EXERCISE BRIEF
Please restate the data below word for word, omitting all images.

(Records from a data source)

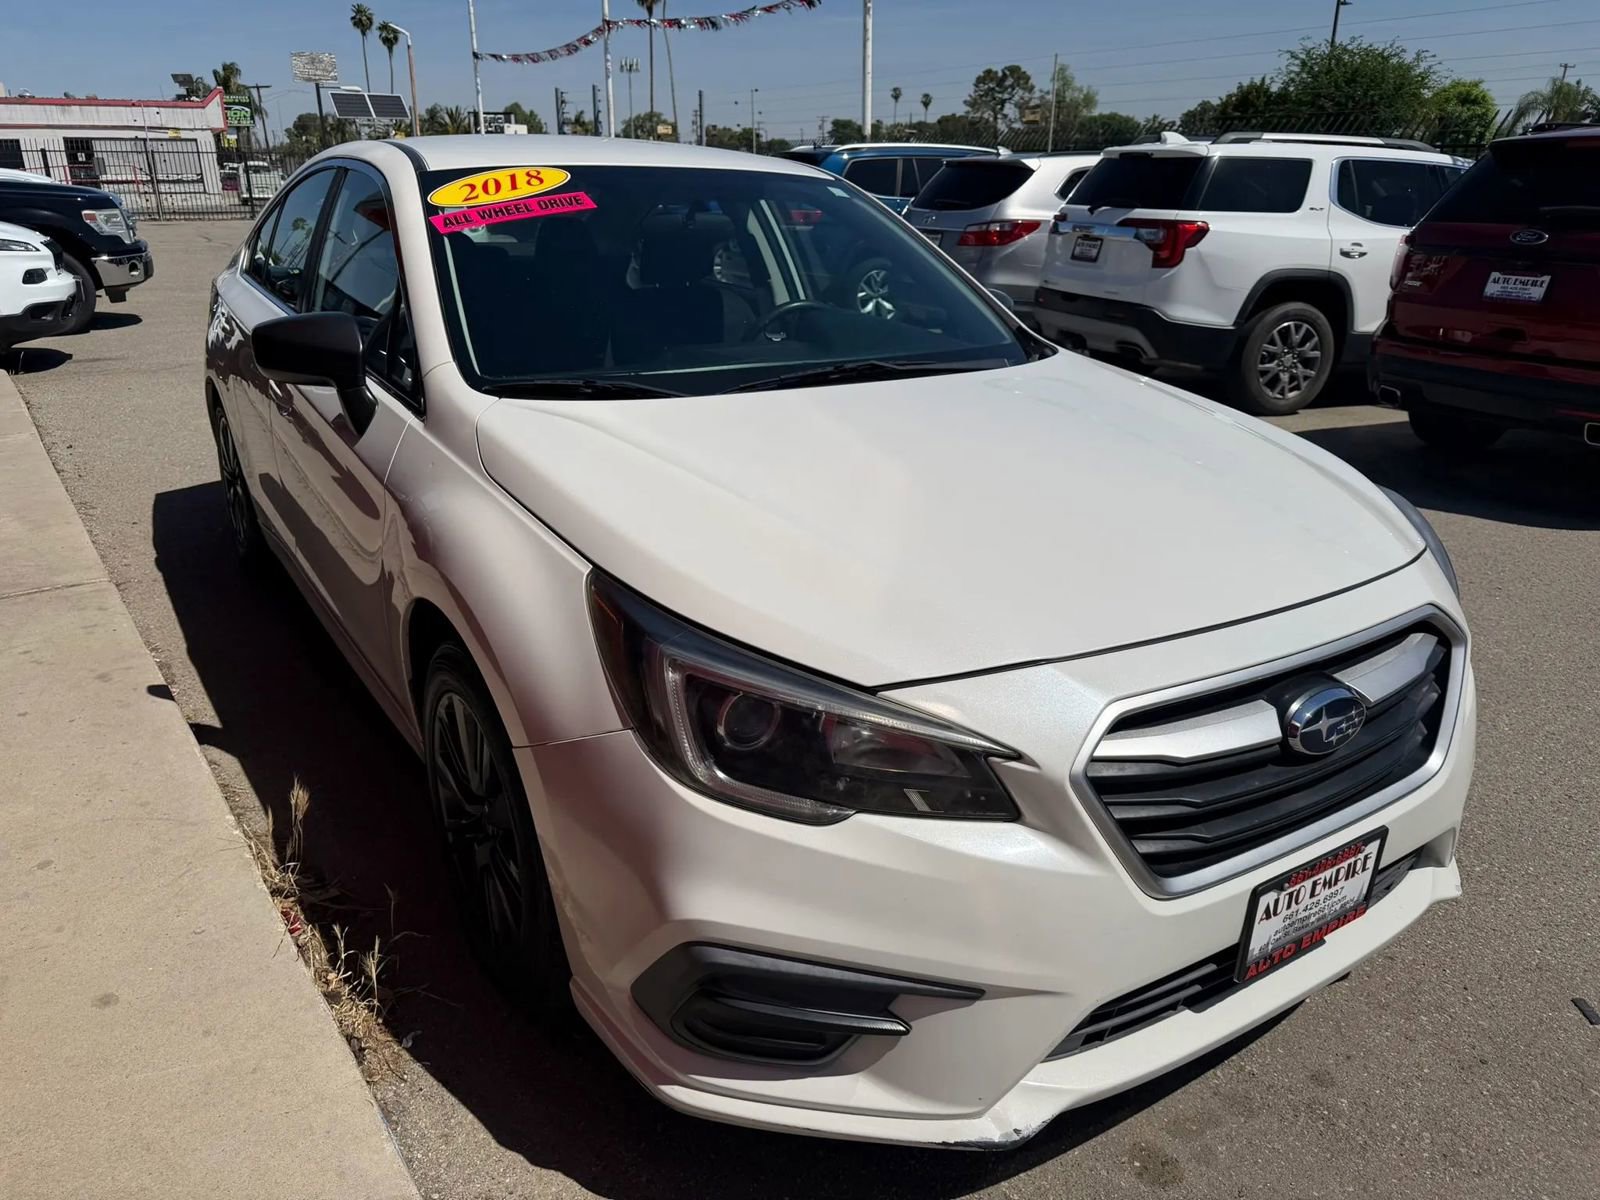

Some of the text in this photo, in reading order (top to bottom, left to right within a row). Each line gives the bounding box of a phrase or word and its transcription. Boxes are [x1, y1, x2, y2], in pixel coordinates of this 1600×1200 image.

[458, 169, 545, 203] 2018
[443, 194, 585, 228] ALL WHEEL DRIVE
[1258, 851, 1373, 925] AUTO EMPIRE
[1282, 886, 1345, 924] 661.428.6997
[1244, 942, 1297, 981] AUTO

RESPONSE AREA
Some of the text in this photo, in reading order (top to bottom, left to right within a row). Each line gives the bounding box of a phrase or word and its transcription. Boxes are [x1, y1, x2, y2], in pixel coordinates of this 1600×1200 image.

[458, 169, 545, 203] 2018
[443, 194, 585, 228] ALL WHEEL DRIVE
[1258, 851, 1373, 925] AUTO EMPIRE
[1282, 886, 1345, 924] 661.428.6997
[1244, 942, 1297, 981] AUTO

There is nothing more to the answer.